Critical Presentative Realism

A Critique and a Defense

by Celestine N. Bittle, O.F.M.Cap.


INDEX:


Part One

In discussing the facts of sense-perception, we deal with ultimate experiences of the human subject, and we must distinguish closely between the facts themselves and the interpretation of these facts. The facts are registered by the senses, but the senses tell us nothing of the "nature" of these facts: it is the interpreting intellect which gives us an insight into their being.

It is the duty of the philosopher to study the facts of everyday life and of science to draw the conclusions necessarily implied in them. The facts must dictate the theory which attempts to explain them; and any theory which fails to give an adequate account of all the facts of the case must be relinquished in favor of the one which does.

It is assumed here that the reader has read the essay entitled Some Forms of Realism: A Critique of Representative and Presentative Realism. If not, the reader should read that essay before tackling this one; otherwise certain concepts may be misunderstood.

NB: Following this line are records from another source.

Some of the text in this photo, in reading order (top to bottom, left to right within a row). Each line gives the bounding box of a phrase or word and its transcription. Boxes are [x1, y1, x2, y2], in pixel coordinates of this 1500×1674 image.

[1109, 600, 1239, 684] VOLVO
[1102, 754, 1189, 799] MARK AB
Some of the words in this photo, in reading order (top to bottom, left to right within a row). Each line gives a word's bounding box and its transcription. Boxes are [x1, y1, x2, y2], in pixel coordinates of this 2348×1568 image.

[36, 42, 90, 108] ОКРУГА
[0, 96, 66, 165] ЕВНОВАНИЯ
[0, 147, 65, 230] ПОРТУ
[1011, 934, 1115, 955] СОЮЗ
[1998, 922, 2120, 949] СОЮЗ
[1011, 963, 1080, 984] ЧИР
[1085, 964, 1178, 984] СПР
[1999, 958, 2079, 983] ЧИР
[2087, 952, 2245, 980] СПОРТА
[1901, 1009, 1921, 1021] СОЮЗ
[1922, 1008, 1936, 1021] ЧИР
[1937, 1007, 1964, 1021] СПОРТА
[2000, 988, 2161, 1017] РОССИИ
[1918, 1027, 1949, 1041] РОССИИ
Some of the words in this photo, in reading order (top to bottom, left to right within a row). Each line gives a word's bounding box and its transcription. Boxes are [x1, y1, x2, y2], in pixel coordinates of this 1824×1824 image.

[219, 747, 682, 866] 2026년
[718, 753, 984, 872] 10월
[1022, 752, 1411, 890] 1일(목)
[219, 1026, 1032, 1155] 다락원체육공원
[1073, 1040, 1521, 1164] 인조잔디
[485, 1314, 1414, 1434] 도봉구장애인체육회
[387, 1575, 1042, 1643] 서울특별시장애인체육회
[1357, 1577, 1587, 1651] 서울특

The Problem of Secondary Qualities

Rigid perceptionists and critical perceptionists agree that the primary qualities of objects (extension, shape, unity and multiplicity, rest and motion) are objectively real and are perceived as such. The difference between them centers in the problem of the secondary qualities (color, sound, odors, flavors, etc.).

Rigid perceptionists contend that all primary and secondary qualities are objective and absolute in the sense that they exist "out there" in nature, independent of, and antecedent to, the act of perception; they are present and remain present in nature, even if there is no sense-organ in existence to perceive them.

Critical perceptionists distinguish between the two classes of qualities and contend that the secondary qualities do not exist "out there" in nature as such, objectively and absolutely, but are subjective and relative, in the sense that they exist only in the act of sensation of the perceiver; secondary qualities, therefore, do not exist independent of, and antecedent to, the act of perception.

However, the critical perceptionists maintain that these secondary qualities are not "purely" subjective and relative, because their causes, namely, the bodies and their properties, exist and through their influence produce these sensations of color, sound, etc., in the perceiver. According to critical perceptionists, then, secondary qualities are "causally" and potentially," but not "actually" and "formally," present in the bodies.

When speaking of the "objectivity" or "subjectivity" of secondary qualities in the following discussion, the terms must be accepted in the meaning here designated.

The controversy concerning the nature of the secondary qualities has been very keen among philosophers in modern times, especially among those in the classical realistic tradition (Aristotelians, Scholastics, Thomists, Contextual Realists). This is due mainly to the findings of science. Scientists in general favor the subjectivity of these qualities, as will be seen by consulting the standard works of psychology, physics, physiological psychology, and experimental psychology.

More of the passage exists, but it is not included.